Population (30 September 2015)
- • Total: 25,292
- • Density: 350.2/km^{2} (906.9/sq mi)
- Demonym: Castellani
- Time zone: UTC+1 (CET)
- • Summer (DST): UTC+2 (CEST)
- Postal code: 81030
- Dialing code: 0823 (communal seat), 081 (Villaggio Coppola Pinetamare)
- Patron saint: San Castrese
- Saint day: February 11
- Website: Official website

= Castel Volturno =

Castel Volturno (/it/) is a comune (municipality) in the Province of Caserta in the Italian region Campania, located about 35 km northwest of Naples and about 35 km west of Caserta on the Volturno river. The town has a population of almost 30,000 residents, along with an estimated more than 15,000 undocumented immigrants.

==History==

Castel Volturno was a settlement of the Oscans and then of the Etruscans, who called it Volturnum, and was a trade point on the road to Casilinum and Capua. Volturnum became a Roman colony in 194 BC and, in 95 AD, it was reached by the Via Domitiana, and received a large bridge connecting the two shores of the river with the same name.

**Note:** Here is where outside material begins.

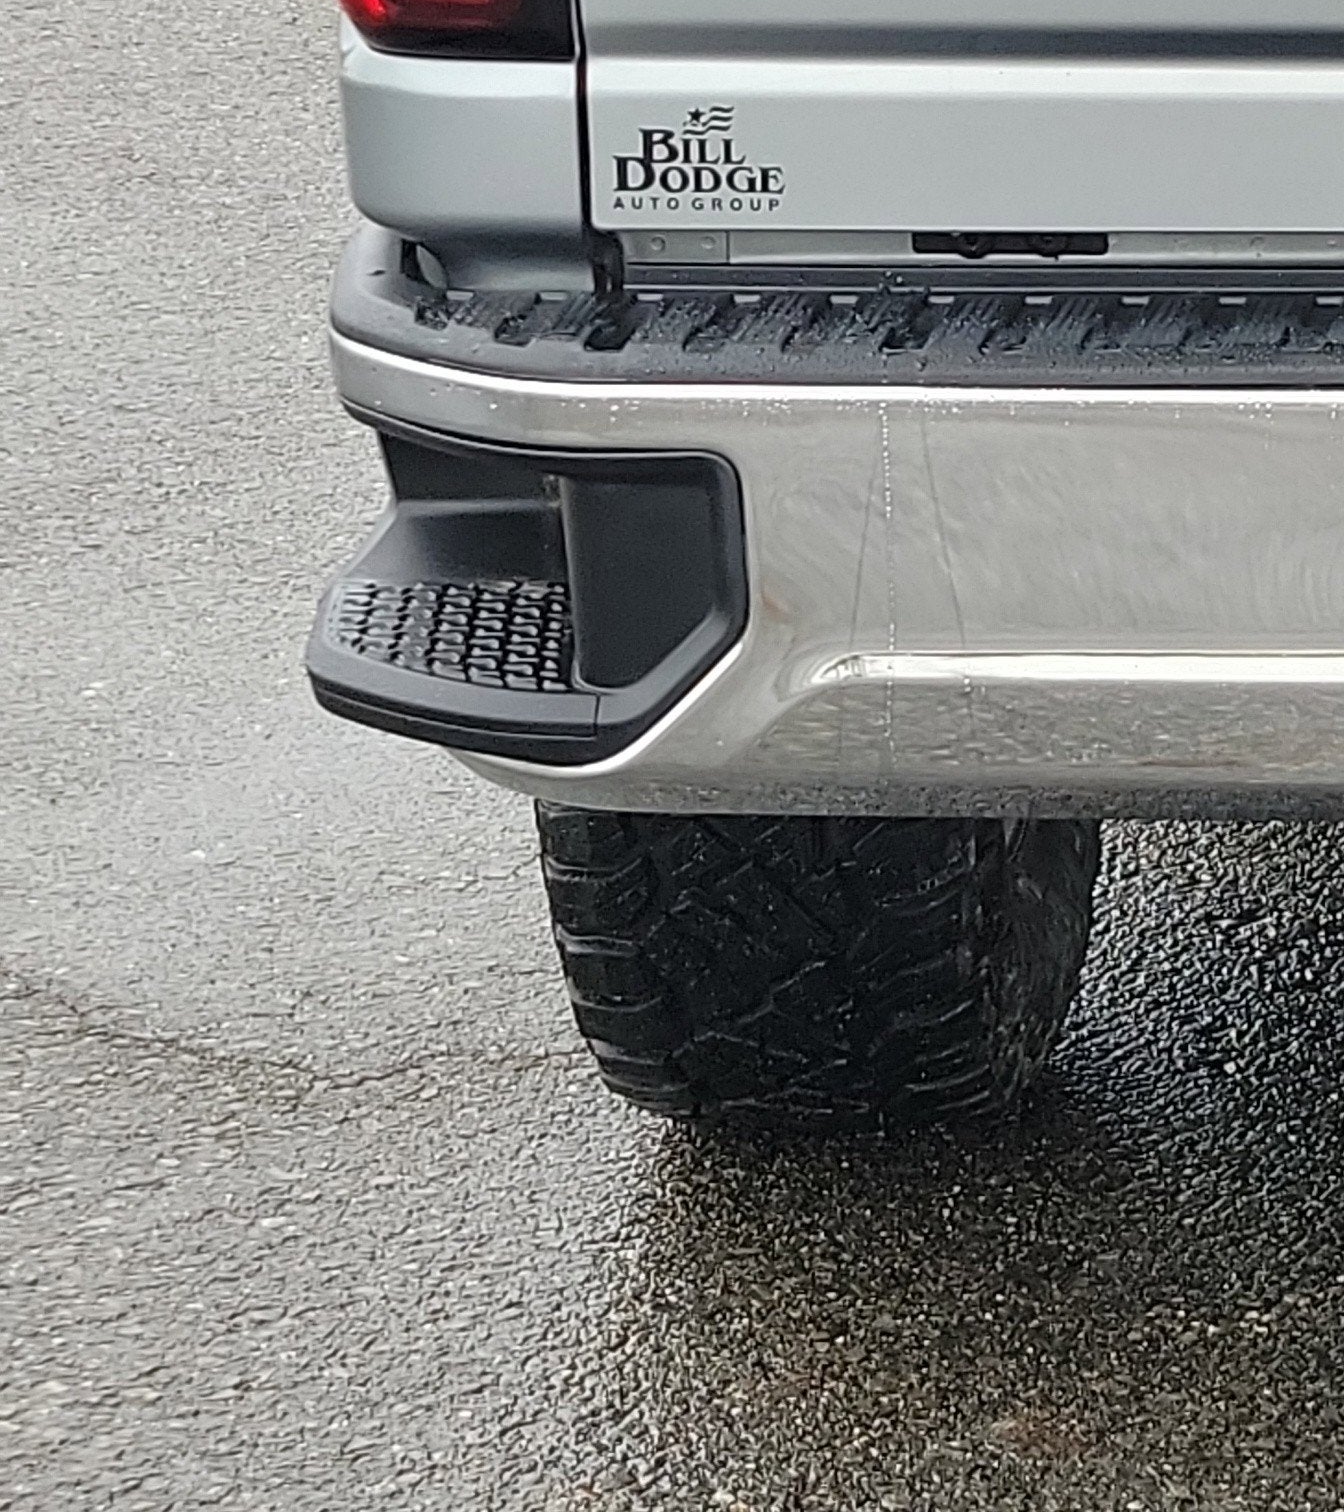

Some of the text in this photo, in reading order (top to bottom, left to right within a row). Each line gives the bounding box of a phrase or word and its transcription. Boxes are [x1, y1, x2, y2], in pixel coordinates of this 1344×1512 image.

[638, 128, 746, 165] BILL
[613, 155, 786, 194] DODGE
[613, 197, 780, 211] AUTO GROUP

The town decayed after the fall of the Western Roman Empire, and, in 806, the Lombard Prince of Benevento Grimoald III gave its port to the abbots of Montecassino. In 841 it was ravaged by Saracens. After 856, the Lombard bishop Radipert had a castle built on what remained of the bridge. After a period under local counts, in 1062 it was again given to Montecassino while in 1206, Frederick II donated it to the archbishops of Capua.

Alfonso V of Naples gave it to his daughter, but, when her husband, Duke Marino of Sessa, rebelled, besieged it and destroyed part of the walls (1460). The following year the king sold it to the city of Capua, which held it until the abolition of feudalism in the Kingdom of the Two Sicilies in 1810. In 1812 it became an autonomous commune. In 1860 it was annexed to the newly unified Kingdom of Italy.

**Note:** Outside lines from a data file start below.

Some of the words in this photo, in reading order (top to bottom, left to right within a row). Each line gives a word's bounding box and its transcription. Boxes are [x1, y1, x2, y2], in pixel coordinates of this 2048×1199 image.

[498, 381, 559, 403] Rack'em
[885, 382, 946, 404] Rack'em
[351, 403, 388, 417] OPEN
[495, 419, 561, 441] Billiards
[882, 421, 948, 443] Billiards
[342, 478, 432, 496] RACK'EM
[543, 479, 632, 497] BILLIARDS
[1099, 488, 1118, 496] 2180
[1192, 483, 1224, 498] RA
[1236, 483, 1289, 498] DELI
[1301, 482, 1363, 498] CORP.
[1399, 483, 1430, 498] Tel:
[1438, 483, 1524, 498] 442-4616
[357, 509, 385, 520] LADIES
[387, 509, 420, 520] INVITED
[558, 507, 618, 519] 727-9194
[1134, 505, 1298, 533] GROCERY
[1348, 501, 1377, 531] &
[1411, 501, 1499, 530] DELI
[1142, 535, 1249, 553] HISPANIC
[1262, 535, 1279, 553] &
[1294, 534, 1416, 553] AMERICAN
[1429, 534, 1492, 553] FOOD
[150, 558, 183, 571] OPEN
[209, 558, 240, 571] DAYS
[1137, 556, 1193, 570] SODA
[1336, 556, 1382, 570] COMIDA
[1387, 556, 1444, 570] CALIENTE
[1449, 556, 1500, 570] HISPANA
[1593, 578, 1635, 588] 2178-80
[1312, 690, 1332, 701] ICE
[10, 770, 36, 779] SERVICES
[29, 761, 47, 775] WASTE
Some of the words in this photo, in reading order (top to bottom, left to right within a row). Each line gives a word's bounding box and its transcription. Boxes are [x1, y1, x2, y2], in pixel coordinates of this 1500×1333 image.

Castel Volturno received a boost in its agricultural activities after the nearby lands were dried during the Fascist government, and after the new Domiziana Road and a new bridge were built (1954).

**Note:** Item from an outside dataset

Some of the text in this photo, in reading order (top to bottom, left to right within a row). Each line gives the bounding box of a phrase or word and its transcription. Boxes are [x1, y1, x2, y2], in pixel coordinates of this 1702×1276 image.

The beach resorts were expanded after the Second World War into a holiday resort. Holiday guests included members of a nearby US Army base. After an earthquake in 1980 in the Campania region, the Italian government temporarily housed homeless people in the apartments. Then the homeowners left the apartments empty and later leased them to African migrant workers. Since then, the living substance of the seaside resort has decayed continuously. Because of the illegal waste disposal of the Camorra, the beach is often littered with garbage despite regular cleaning. In addition to regular garbage, toxic waste leeching from unregulated landfills in the vicinity, also from the Camorra, has contaminated the beach and forced a near complete prohibition on entering the water in places.

===Villaggio Coppola===

According to some reports, the Villaggio Coppola beach settlement was illegally built by the Camorra clan of Casalesi in the 1970s. However, a 2017 New York Times article on the project more sympathetically reports: "When Villaggio Coppola was built in the 1960s... the aspiration was of a utopian residential area.", and does not mention any involvement of the Camorra in its inception. While the origins of this project have not been well documented, the buildings remain in use to the present day, and can now be seen as a profound ongoing architectural statement, evolving and decaying outside of the influence of normal market forces.

The Villaggio Coppola was used as the principal setting of the 2018 film Dogman, where it serves as an eerie interstitial microcosm and earns a credit for "il Patrocinio Morale", or 'morale guidance'.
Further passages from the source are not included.